◆ **Description of the task**
All of the data should be restated word for word, with the pictures omitted.

◆ **Records provided**

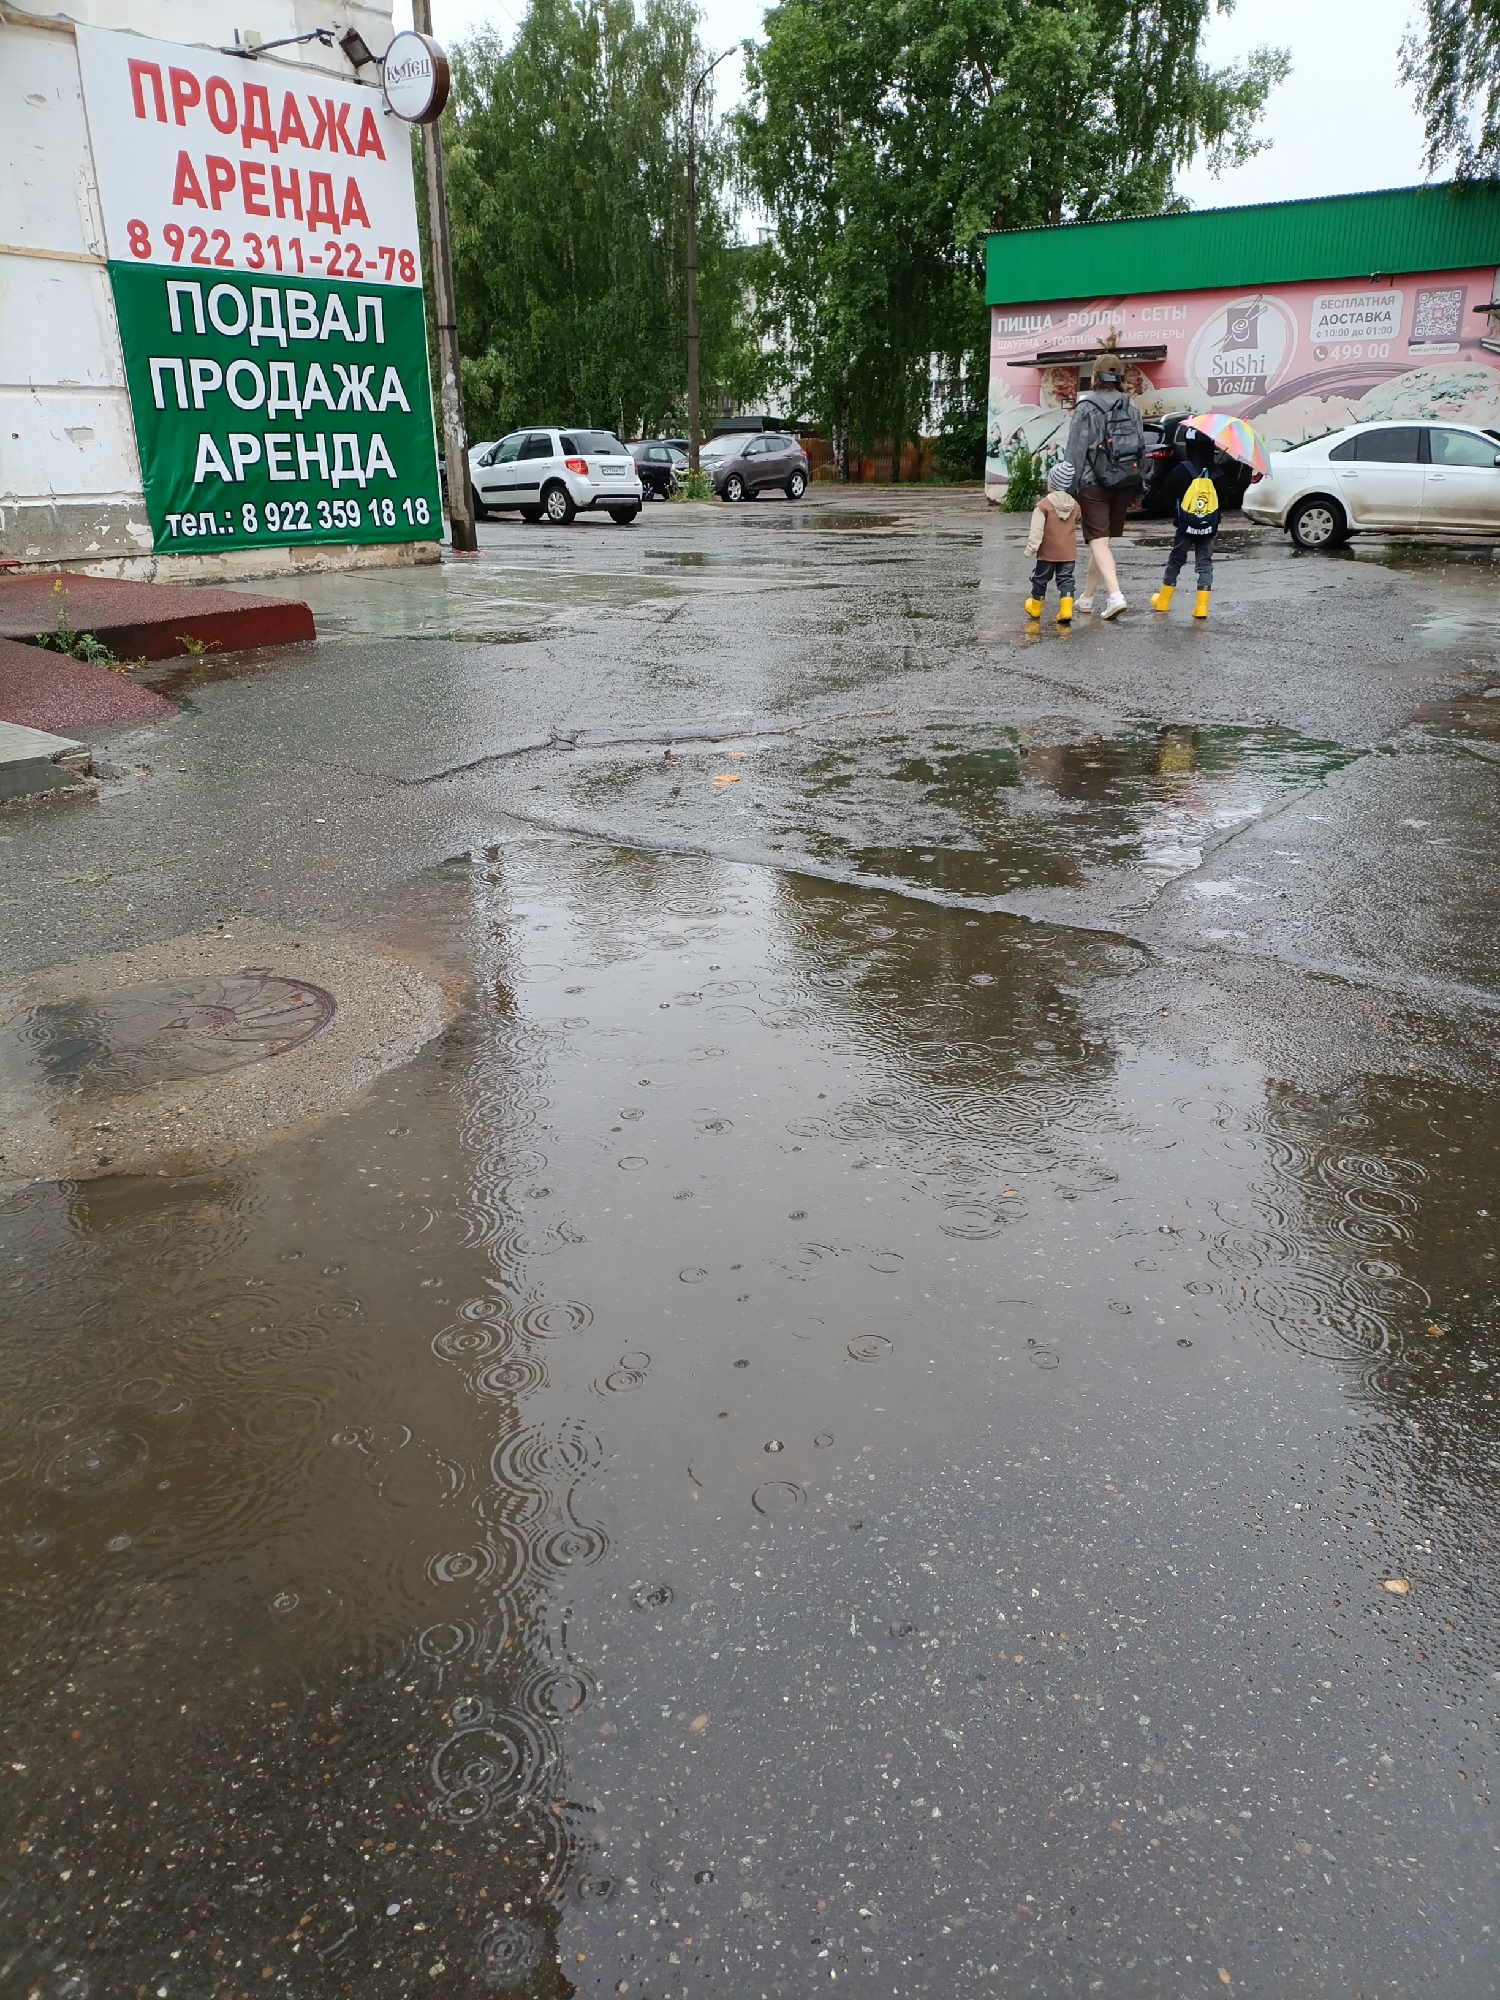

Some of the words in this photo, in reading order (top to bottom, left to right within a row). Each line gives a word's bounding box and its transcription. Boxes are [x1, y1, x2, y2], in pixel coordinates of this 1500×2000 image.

[127, 57, 387, 161] ПРОДАЖА
[172, 150, 371, 235] АРЕНДА
[126, 218, 152, 259] 8
[162, 223, 234, 267] 922
[242, 232, 416, 283] 311-22-78
[166, 280, 385, 348] ПОДВАЛ
[997, 314, 1053, 333] ПИЦЦА
[1067, 309, 1126, 328] РОЛЛЫ
[1141, 305, 1187, 322] СЕТЫ
[1319, 311, 1392, 327] ДОСТАВКА
[1320, 295, 1395, 310] БЕСПЛАТНАЯ
[997, 338, 1040, 350] ШАУРМА
[1324, 328, 1350, 338] 10:00
[1351, 329, 1363, 338] до
[1366, 326, 1393, 336] 01:00
[1330, 344, 1363, 360] 499
[1367, 343, 1390, 359] 00
[149, 357, 412, 420] ПРОДАЖА
[1215, 376, 1257, 394] Yoshi
[193, 433, 398, 489] АРЕНДА
[165, 512, 234, 538] тел.:
[241, 502, 258, 533] 8
[264, 501, 312, 532] 922
[318, 500, 361, 529] 359
[368, 498, 396, 527] 18
[402, 497, 431, 526] 18

◆ **Reply**
Some of the words in this photo, in reading order (top to bottom, left to right within a row). Each line gives a word's bounding box and its transcription. Boxes are [x1, y1, x2, y2], in pixel coordinates of this 1500×2000 image.

[127, 57, 387, 161] ПРОДАЖА
[172, 150, 371, 235] АРЕНДА
[126, 218, 152, 259] 8
[162, 223, 234, 267] 922
[242, 232, 416, 283] 311-22-78
[166, 280, 385, 348] ПОДВАЛ
[997, 314, 1053, 333] ПИЦЦА
[1067, 309, 1126, 328] РОЛЛЫ
[1141, 305, 1187, 322] СЕТЫ
[1319, 311, 1392, 327] ДОСТАВКА
[1320, 295, 1395, 310] БЕСПЛАТНАЯ
[997, 338, 1040, 350] ШАУРМА
[1324, 328, 1350, 338] 10:00
[1351, 329, 1363, 338] до
[1366, 326, 1393, 336] 01:00
[1330, 344, 1363, 360] 499
[1367, 343, 1390, 359] 00
[149, 357, 412, 420] ПРОДАЖА
[1215, 376, 1257, 394] Yoshi
[193, 433, 398, 489] АРЕНДА
[165, 512, 234, 538] тел.:
[241, 502, 258, 533] 8
[264, 501, 312, 532] 922
[318, 500, 361, 529] 359
[368, 498, 396, 527] 18
[402, 497, 431, 526] 18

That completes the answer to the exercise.